REQUIRED WORK
Copy each line below exactly as it appears. Pictures are to be omitted.

(DATA SUPPLIED Opens)

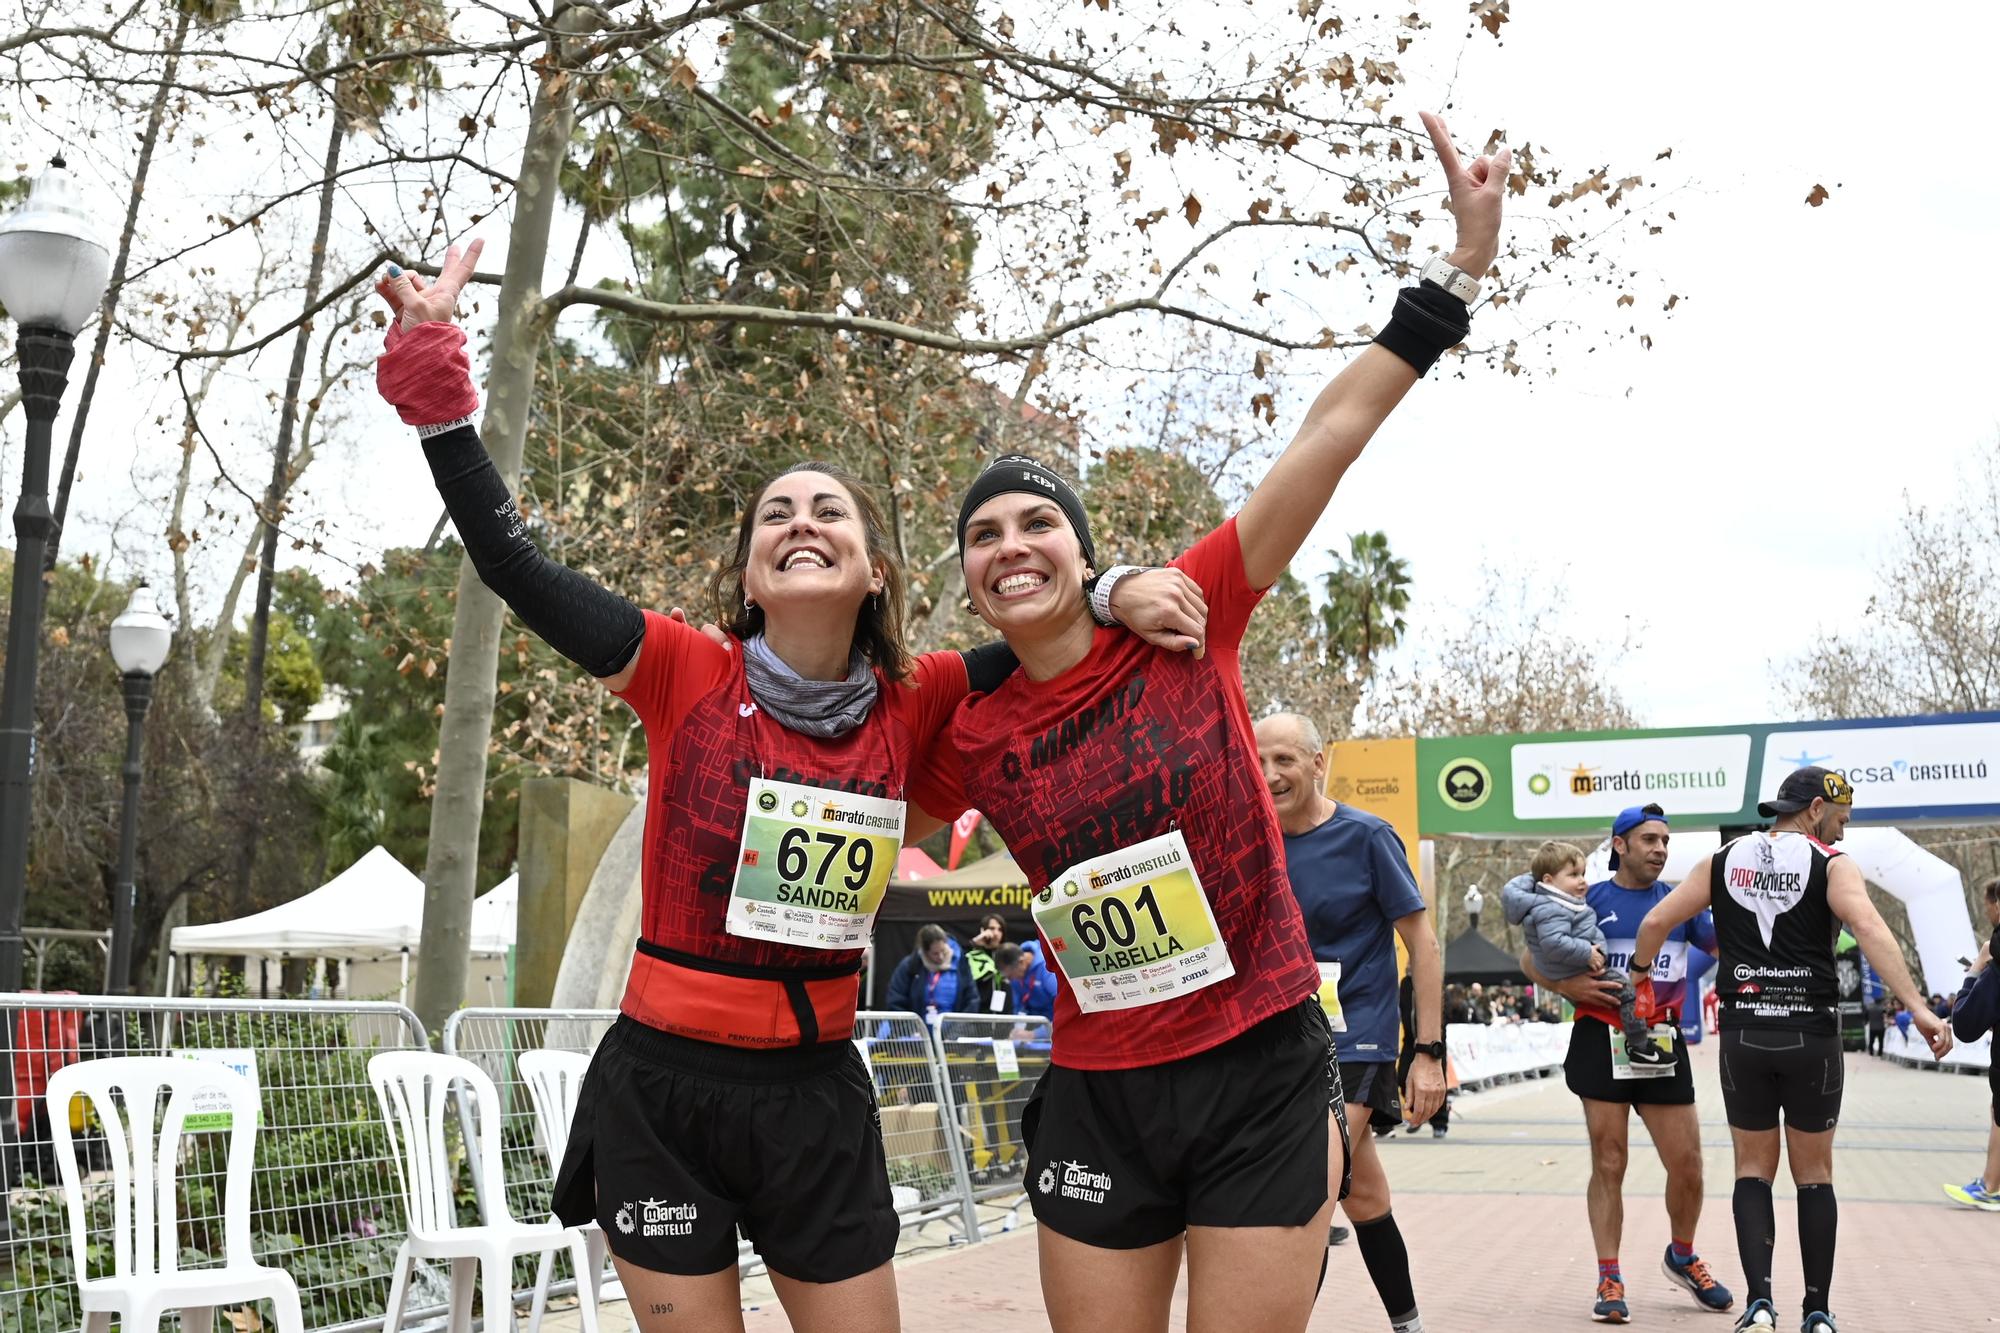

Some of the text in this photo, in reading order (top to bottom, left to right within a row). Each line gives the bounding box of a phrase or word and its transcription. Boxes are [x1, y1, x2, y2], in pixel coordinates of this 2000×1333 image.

[1573, 767, 1726, 793] marató CASTELLÓ
[1910, 760, 1988, 781] CASTELLÓ
[822, 807, 900, 830] marató CASTELLÓ
[776, 827, 873, 891] 679
[1090, 848, 1181, 888] marató CASTELLÓ
[776, 883, 858, 912] SANDRA
[928, 883, 1032, 910] www.chip
[1071, 884, 1168, 952] 601
[1089, 935, 1184, 973] P.ABELLA
[1064, 1167, 1112, 1191] marató
[624, 1201, 634, 1210] bp
[1061, 1184, 1105, 1204] CASTELLÓ
[643, 1203, 697, 1223] marató
[643, 1222, 693, 1236] CASTELLÓ
[650, 1303, 674, 1314] 1990
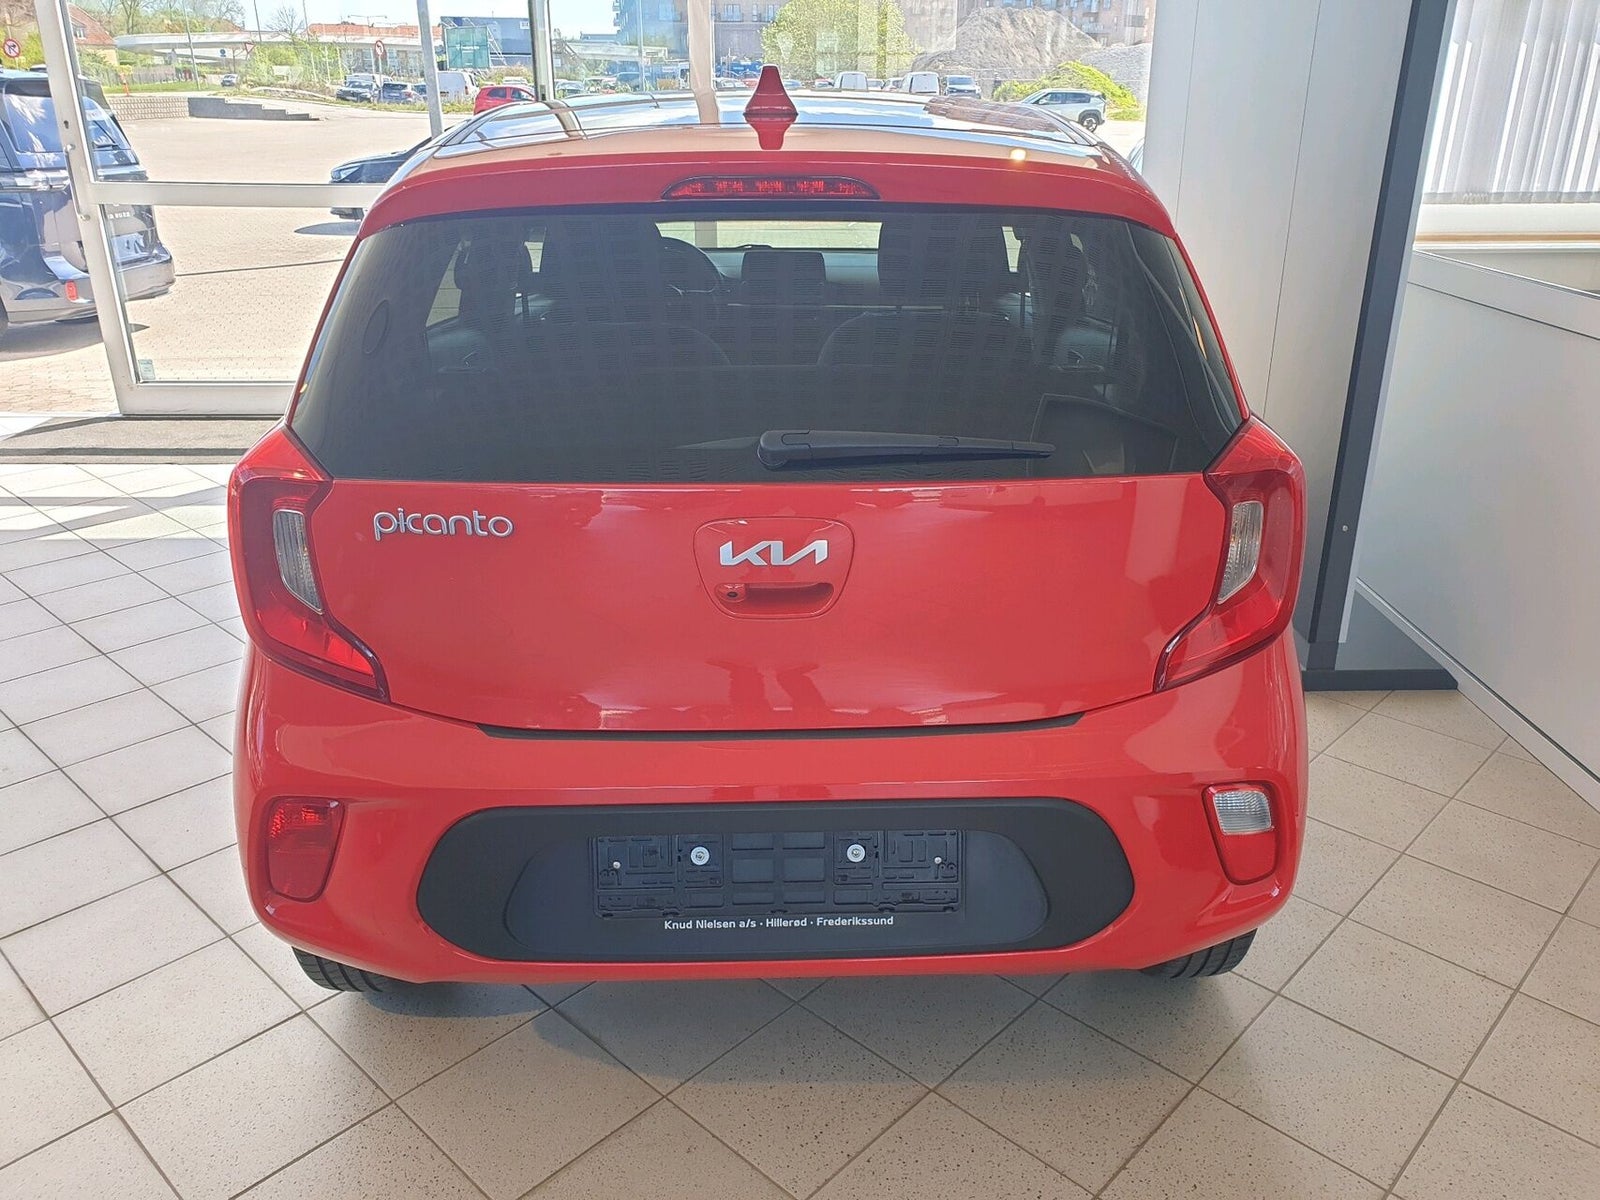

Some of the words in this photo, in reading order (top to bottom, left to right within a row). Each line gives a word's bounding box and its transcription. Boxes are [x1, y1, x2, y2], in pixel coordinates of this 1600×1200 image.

[373, 507, 514, 541] picanto
[719, 539, 829, 566] KIA
[664, 919, 693, 930] Knud
[695, 918, 736, 929] Nielsen
[738, 918, 757, 929] a/s
[765, 917, 808, 928] Hillerød
[816, 916, 894, 928] Frederikssund
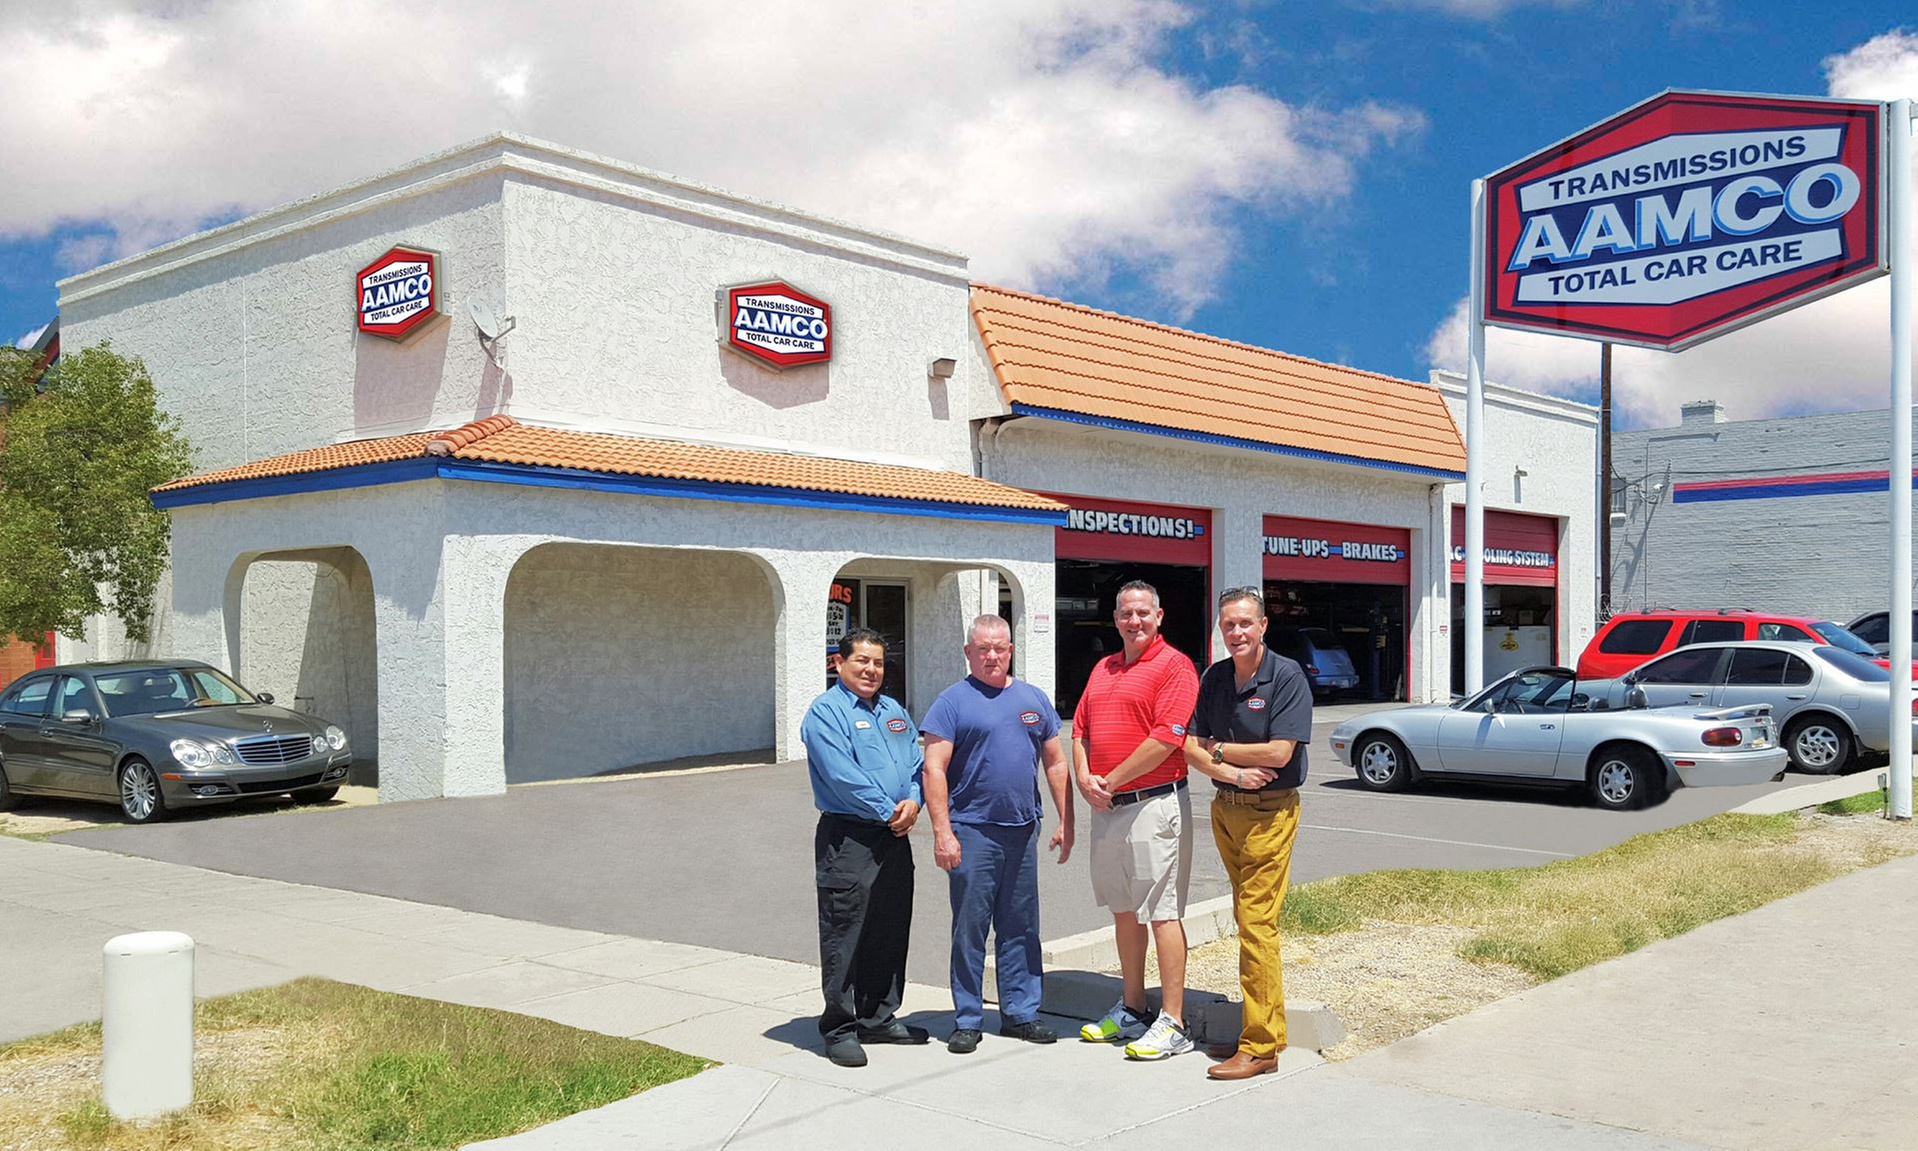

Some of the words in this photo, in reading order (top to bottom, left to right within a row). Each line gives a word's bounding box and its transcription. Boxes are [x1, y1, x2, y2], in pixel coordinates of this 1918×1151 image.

[1548, 135, 1807, 200] TRANSMISSIONS
[1508, 163, 1861, 271] AAMCO
[368, 264, 422, 285] TRANSMISSIONS
[1548, 267, 1636, 296] TOTAL
[1644, 255, 1707, 281] CAR
[1716, 241, 1803, 271] CARE
[361, 274, 432, 312] AAMCO
[371, 311, 390, 321] TOTAL
[391, 305, 405, 316] CAR
[405, 300, 423, 312] CARE
[745, 297, 815, 316] TRANSMISSIONS
[734, 308, 829, 340] AAMCO
[746, 332, 772, 344] TOTAL
[773, 336, 791, 347] CAR
[792, 340, 815, 350] CARE
[1341, 541, 1398, 562] BRAKES
[1483, 548, 1513, 564] OLING
[1514, 550, 1549, 567] SYSTEM
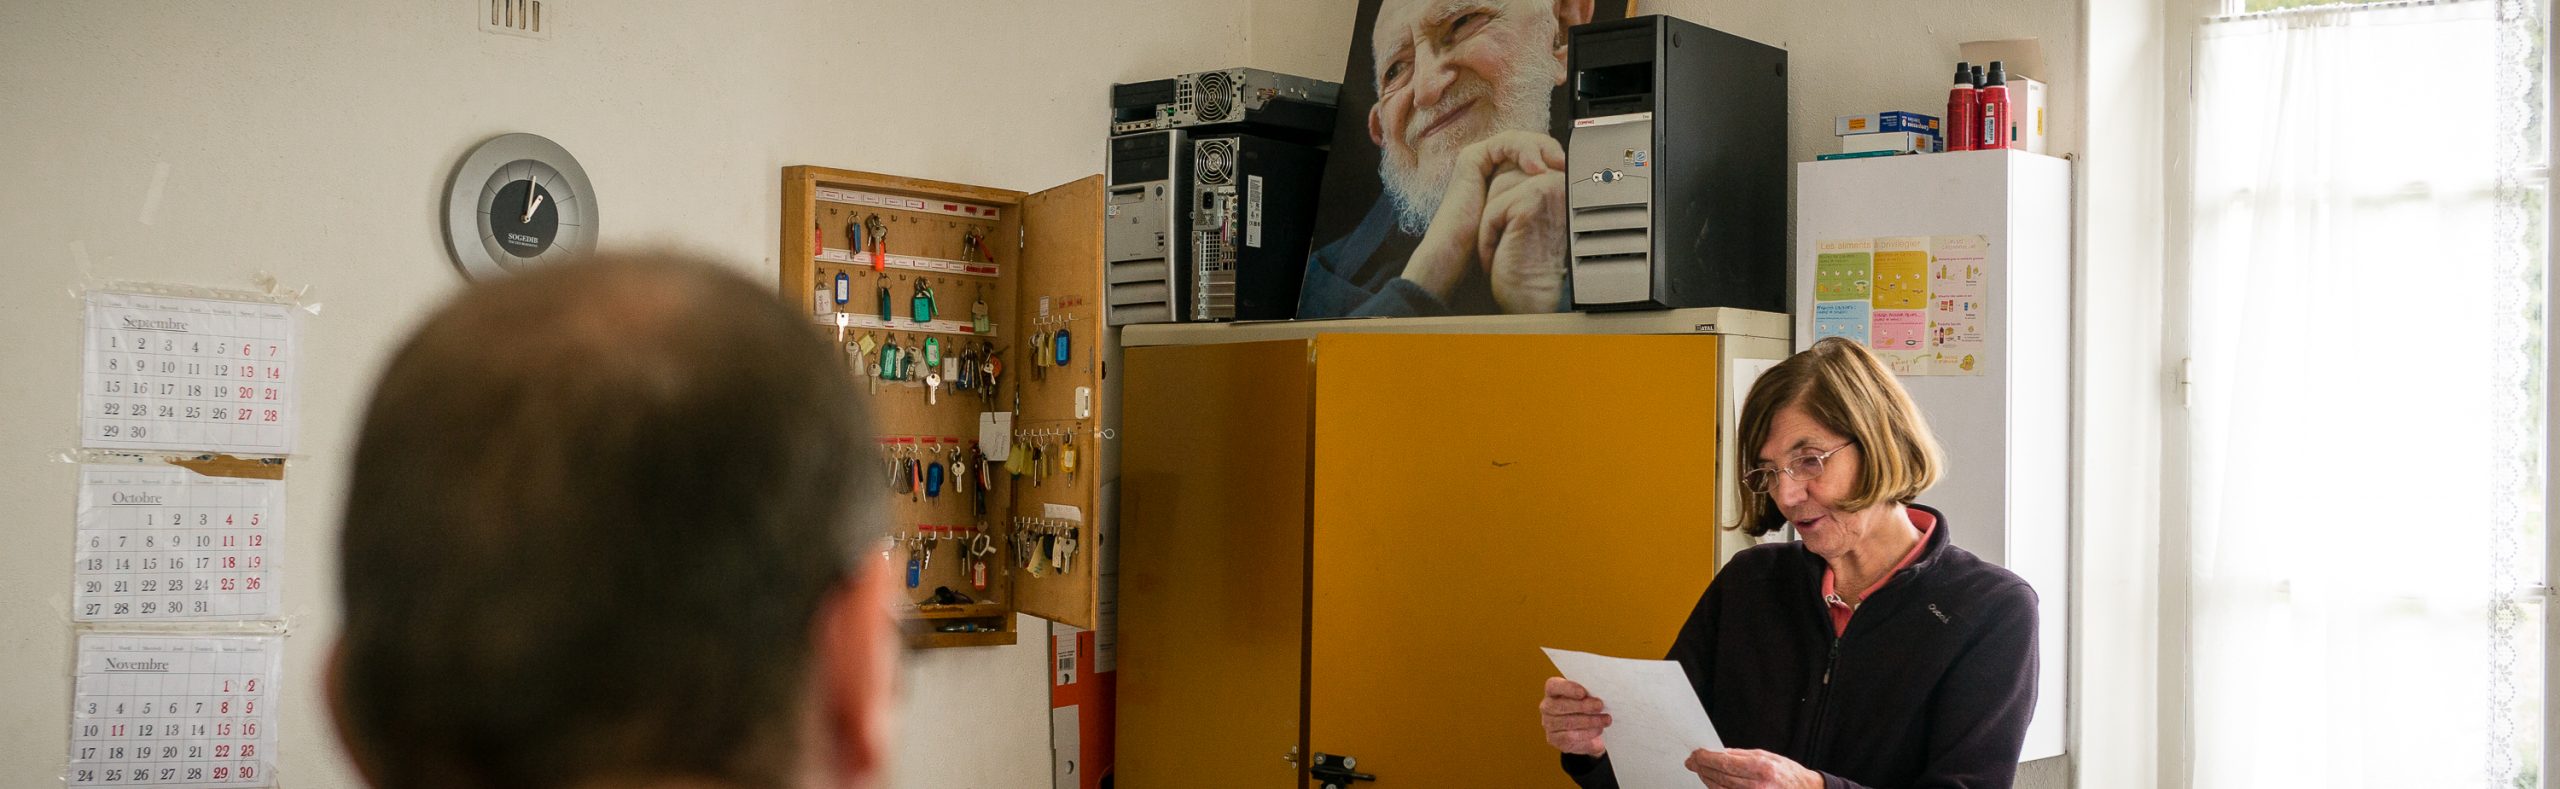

(DATA SUPPLIED Closes)

SOLUTION TO THE PROBLEM
Some of the text in this photo, in reading order (top to bottom, left to right within a row). Each line gives the bounding box of a phrase or word and its transcription. Boxes are [x1, y1, x2, y2], in pixel coordinates of this 2000×1333 image.

[1573, 767, 1726, 793] marató CASTELLÓ
[1910, 760, 1988, 781] CASTELLÓ
[822, 807, 900, 830] marató CASTELLÓ
[776, 827, 873, 891] 679
[1090, 848, 1181, 888] marató CASTELLÓ
[776, 883, 858, 912] SANDRA
[928, 883, 1032, 910] www.chip
[1071, 884, 1168, 952] 601
[1089, 935, 1184, 973] P.ABELLA
[1064, 1167, 1112, 1191] marató
[624, 1201, 634, 1210] bp
[1061, 1184, 1105, 1204] CASTELLÓ
[643, 1203, 697, 1223] marató
[643, 1222, 693, 1236] CASTELLÓ
[650, 1303, 674, 1314] 1990

Some of the words in this photo, in reading order (top to bottom, left to right within a row). Each line gives a word's bounding box and its transcription. Boxes are [x1, y1, x2, y2], in pixel coordinates of this 1600×1200 image.

[373, 507, 514, 541] picanto
[719, 539, 829, 566] KIA
[664, 919, 693, 930] Knud
[695, 918, 736, 929] Nielsen
[738, 918, 757, 929] a/s
[765, 917, 808, 928] Hillerød
[816, 916, 894, 928] Frederikssund

Some of the words in this photo, in reading order (top to bottom, left to right within a row). Each line gives a word's bounding box and its transcription. Boxes are [x1, y1, x2, y2], in pixel coordinates of this 1918×1151 image.

[1548, 135, 1807, 200] TRANSMISSIONS
[1508, 163, 1861, 271] AAMCO
[368, 264, 422, 285] TRANSMISSIONS
[1548, 267, 1636, 296] TOTAL
[1644, 255, 1707, 281] CAR
[1716, 241, 1803, 271] CARE
[361, 274, 432, 312] AAMCO
[371, 311, 390, 321] TOTAL
[391, 305, 405, 316] CAR
[405, 300, 423, 312] CARE
[745, 297, 815, 316] TRANSMISSIONS
[734, 308, 829, 340] AAMCO
[746, 332, 772, 344] TOTAL
[773, 336, 791, 347] CAR
[792, 340, 815, 350] CARE
[1341, 541, 1398, 562] BRAKES
[1483, 548, 1513, 564] OLING
[1514, 550, 1549, 567] SYSTEM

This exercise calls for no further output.